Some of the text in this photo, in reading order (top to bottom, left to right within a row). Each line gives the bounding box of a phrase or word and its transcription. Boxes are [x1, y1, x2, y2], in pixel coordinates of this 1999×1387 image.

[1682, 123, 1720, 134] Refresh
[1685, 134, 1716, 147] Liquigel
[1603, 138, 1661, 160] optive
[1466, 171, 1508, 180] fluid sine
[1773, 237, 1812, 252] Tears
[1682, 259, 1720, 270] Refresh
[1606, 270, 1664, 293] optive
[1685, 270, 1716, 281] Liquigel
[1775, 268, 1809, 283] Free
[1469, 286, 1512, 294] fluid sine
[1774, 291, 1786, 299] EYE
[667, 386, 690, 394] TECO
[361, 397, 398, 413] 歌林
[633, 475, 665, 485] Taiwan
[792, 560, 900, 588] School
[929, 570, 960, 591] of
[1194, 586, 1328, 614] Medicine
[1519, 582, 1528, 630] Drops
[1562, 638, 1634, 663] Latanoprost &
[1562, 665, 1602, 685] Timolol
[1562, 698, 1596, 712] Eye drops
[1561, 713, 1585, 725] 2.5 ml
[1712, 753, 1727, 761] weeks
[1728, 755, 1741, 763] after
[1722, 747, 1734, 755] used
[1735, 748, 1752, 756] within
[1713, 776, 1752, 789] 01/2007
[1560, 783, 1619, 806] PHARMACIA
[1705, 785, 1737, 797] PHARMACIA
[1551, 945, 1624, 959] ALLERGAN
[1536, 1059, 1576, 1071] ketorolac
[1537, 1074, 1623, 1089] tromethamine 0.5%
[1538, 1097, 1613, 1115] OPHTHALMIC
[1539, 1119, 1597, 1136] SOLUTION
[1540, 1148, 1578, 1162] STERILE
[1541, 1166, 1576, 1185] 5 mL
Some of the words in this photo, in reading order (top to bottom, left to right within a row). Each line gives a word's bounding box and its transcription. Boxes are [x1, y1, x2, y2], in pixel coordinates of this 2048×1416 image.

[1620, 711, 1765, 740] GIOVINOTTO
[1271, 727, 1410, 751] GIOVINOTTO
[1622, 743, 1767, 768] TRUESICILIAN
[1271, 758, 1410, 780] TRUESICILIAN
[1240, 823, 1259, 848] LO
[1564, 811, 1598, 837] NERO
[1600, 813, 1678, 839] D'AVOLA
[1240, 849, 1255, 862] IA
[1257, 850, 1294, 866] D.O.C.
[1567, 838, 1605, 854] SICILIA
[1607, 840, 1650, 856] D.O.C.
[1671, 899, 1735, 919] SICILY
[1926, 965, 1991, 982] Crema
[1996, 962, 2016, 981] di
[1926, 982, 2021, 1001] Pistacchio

= = = = = = =

_Exercise_
Could you give the records above again, exactly and in full?

_Solution to the exercise_
Some of the text in this photo, in reading order (top to bottom, left to right within a row). Each line gives the bounding box of a phrase or word and its transcription. Boxes are [x1, y1, x2, y2], in pixel coordinates of this 1999×1387 image.

[1682, 123, 1720, 134] Refresh
[1685, 134, 1716, 147] Liquigel
[1603, 138, 1661, 160] optive
[1466, 171, 1508, 180] fluid sine
[1773, 237, 1812, 252] Tears
[1682, 259, 1720, 270] Refresh
[1606, 270, 1664, 293] optive
[1685, 270, 1716, 281] Liquigel
[1775, 268, 1809, 283] Free
[1469, 286, 1512, 294] fluid sine
[1774, 291, 1786, 299] EYE
[667, 386, 690, 394] TECO
[361, 397, 398, 413] 歌林
[633, 475, 665, 485] Taiwan
[792, 560, 900, 588] School
[929, 570, 960, 591] of
[1194, 586, 1328, 614] Medicine
[1519, 582, 1528, 630] Drops
[1562, 638, 1634, 663] Latanoprost &
[1562, 665, 1602, 685] Timolol
[1562, 698, 1596, 712] Eye drops
[1561, 713, 1585, 725] 2.5 ml
[1712, 753, 1727, 761] weeks
[1728, 755, 1741, 763] after
[1722, 747, 1734, 755] used
[1735, 748, 1752, 756] within
[1713, 776, 1752, 789] 01/2007
[1560, 783, 1619, 806] PHARMACIA
[1705, 785, 1737, 797] PHARMACIA
[1551, 945, 1624, 959] ALLERGAN
[1536, 1059, 1576, 1071] ketorolac
[1537, 1074, 1623, 1089] tromethamine 0.5%
[1538, 1097, 1613, 1115] OPHTHALMIC
[1539, 1119, 1597, 1136] SOLUTION
[1540, 1148, 1578, 1162] STERILE
[1541, 1166, 1576, 1185] 5 mL
Some of the words in this photo, in reading order (top to bottom, left to right within a row). Each line gives a word's bounding box and its transcription. Boxes are [x1, y1, x2, y2], in pixel coordinates of this 2048×1416 image.

[1620, 711, 1765, 740] GIOVINOTTO
[1271, 727, 1410, 751] GIOVINOTTO
[1622, 743, 1767, 768] TRUESICILIAN
[1271, 758, 1410, 780] TRUESICILIAN
[1240, 823, 1259, 848] LO
[1564, 811, 1598, 837] NERO
[1600, 813, 1678, 839] D'AVOLA
[1240, 849, 1255, 862] IA
[1257, 850, 1294, 866] D.O.C.
[1567, 838, 1605, 854] SICILIA
[1607, 840, 1650, 856] D.O.C.
[1671, 899, 1735, 919] SICILY
[1926, 965, 1991, 982] Crema
[1996, 962, 2016, 981] di
[1926, 982, 2021, 1001] Pistacchio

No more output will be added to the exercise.